Give back every entry exactly as it is written, but not the pictures.

**** ENTRIES SUPPLIED

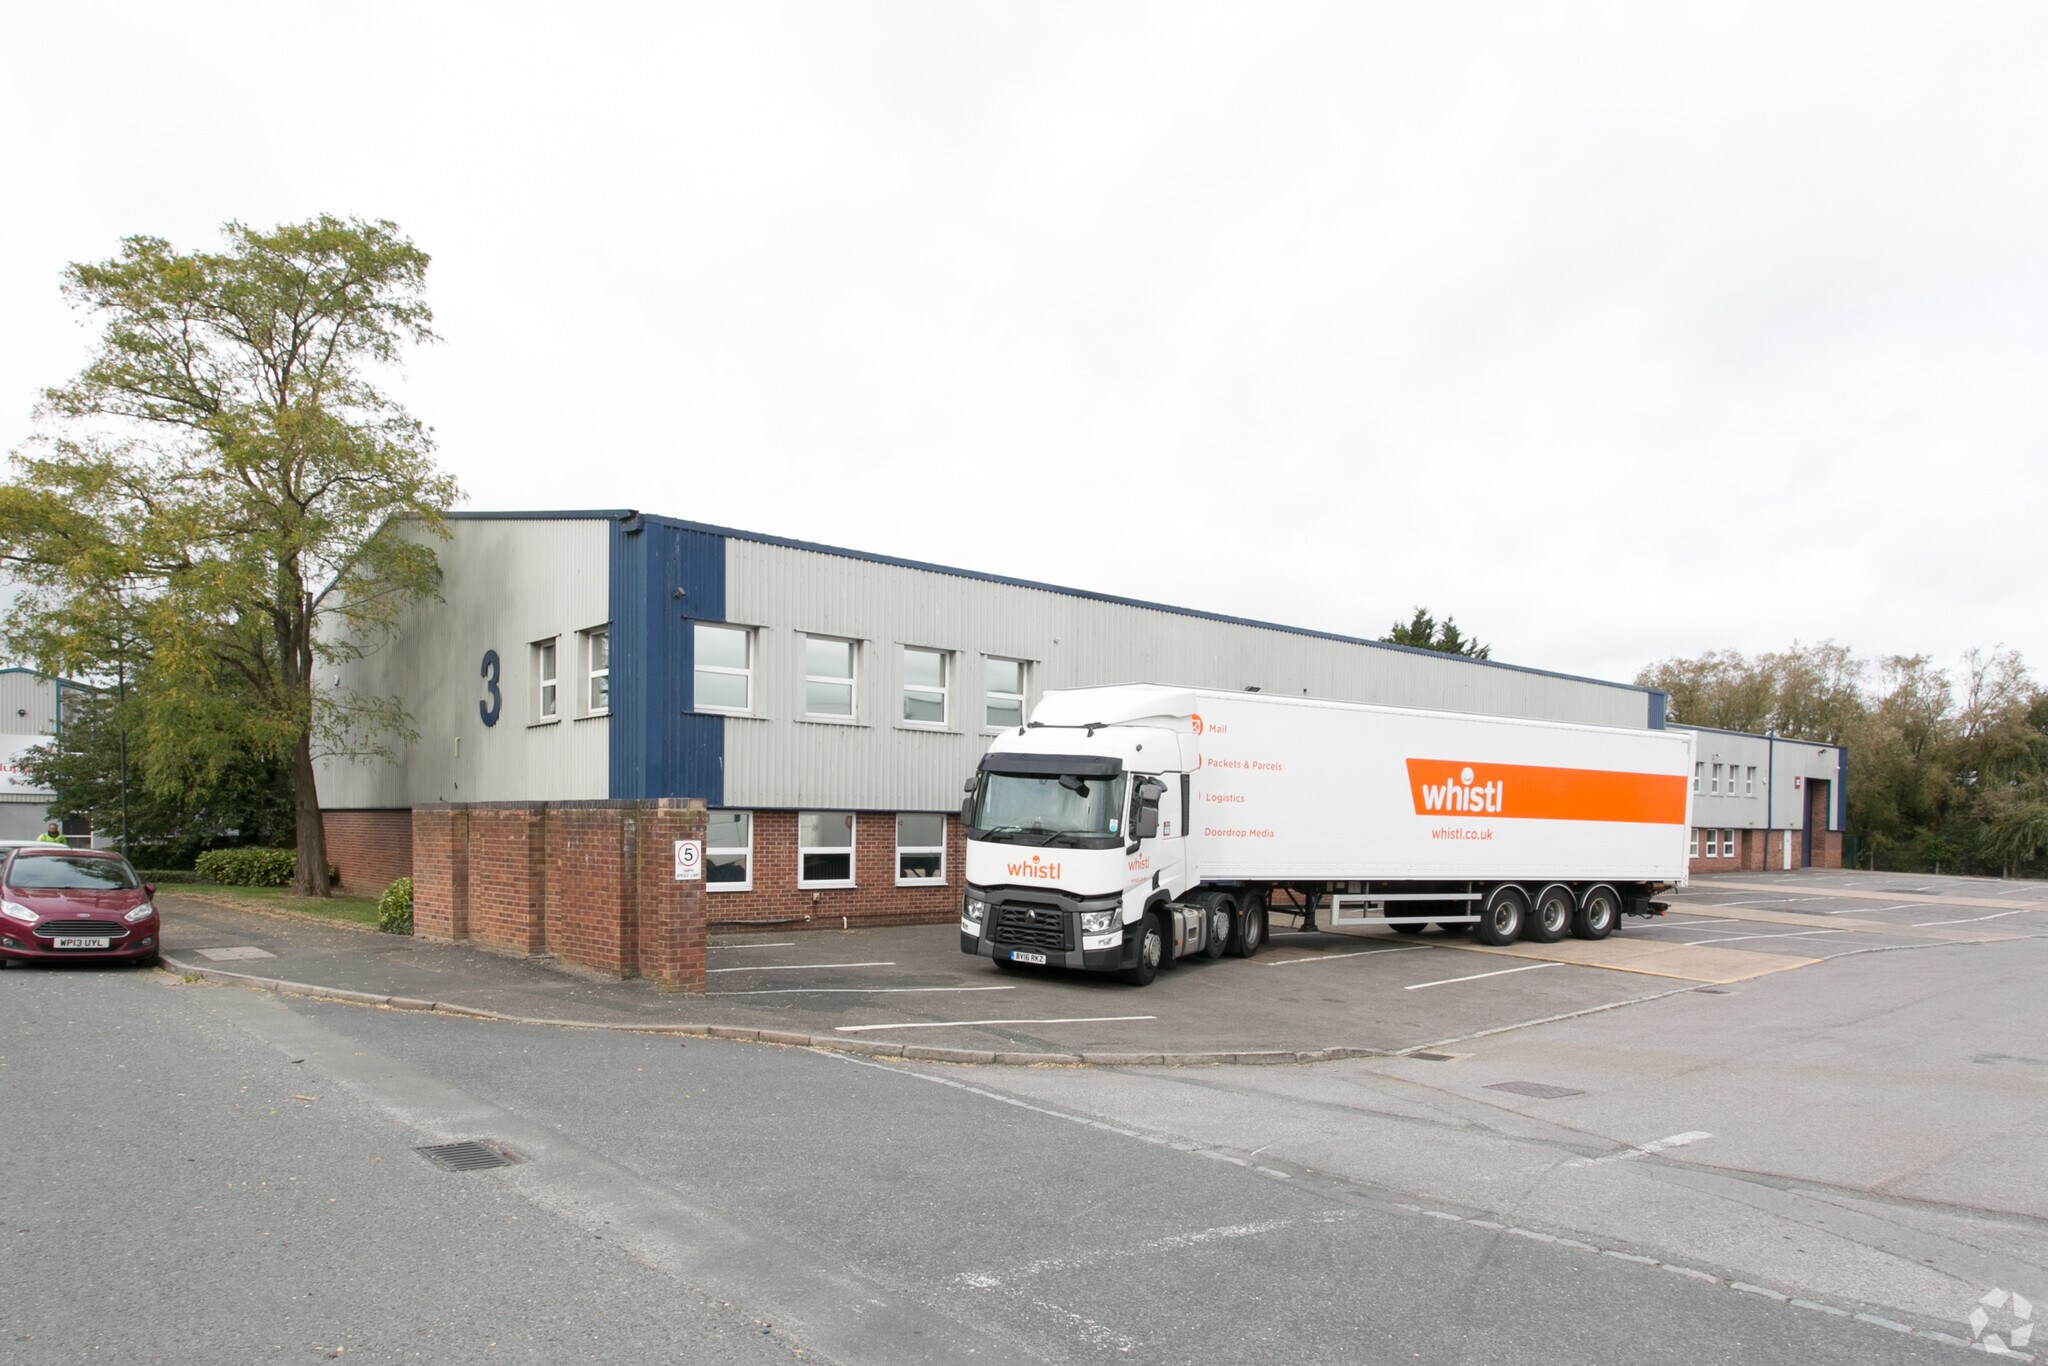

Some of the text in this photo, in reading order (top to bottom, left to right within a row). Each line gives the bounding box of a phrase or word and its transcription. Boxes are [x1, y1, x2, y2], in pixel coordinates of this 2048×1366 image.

[480, 649, 502, 727] 3
[1209, 724, 1228, 734] Mail
[1207, 758, 1283, 771] Packets & Parcels
[1422, 767, 1504, 813] whistl
[1206, 793, 1246, 804] Logistics
[1204, 827, 1275, 839] Doordrop Media
[1431, 827, 1493, 840] whistl.co.uk
[684, 848, 693, 861] 5
[1007, 855, 1061, 880] whistl
[1128, 853, 1150, 871] whistl
[60, 939, 103, 947] WP13 UYL

********

**RESULT OF THIS TASK:**
Some of the text in this photo, in reading order (top to bottom, left to right within a row). Each line gives the bounding box of a phrase or word and its transcription. Boxes are [x1, y1, x2, y2], in pixel coordinates of this 2048×1366 image.

[480, 649, 502, 727] 3
[1209, 724, 1228, 734] Mail
[1207, 758, 1283, 771] Packets & Parcels
[1422, 767, 1504, 813] whistl
[1206, 793, 1246, 804] Logistics
[1204, 827, 1275, 839] Doordrop Media
[1431, 827, 1493, 840] whistl.co.uk
[684, 848, 693, 861] 5
[1007, 855, 1061, 880] whistl
[1128, 853, 1150, 871] whistl
[60, 939, 103, 947] WP13 UYL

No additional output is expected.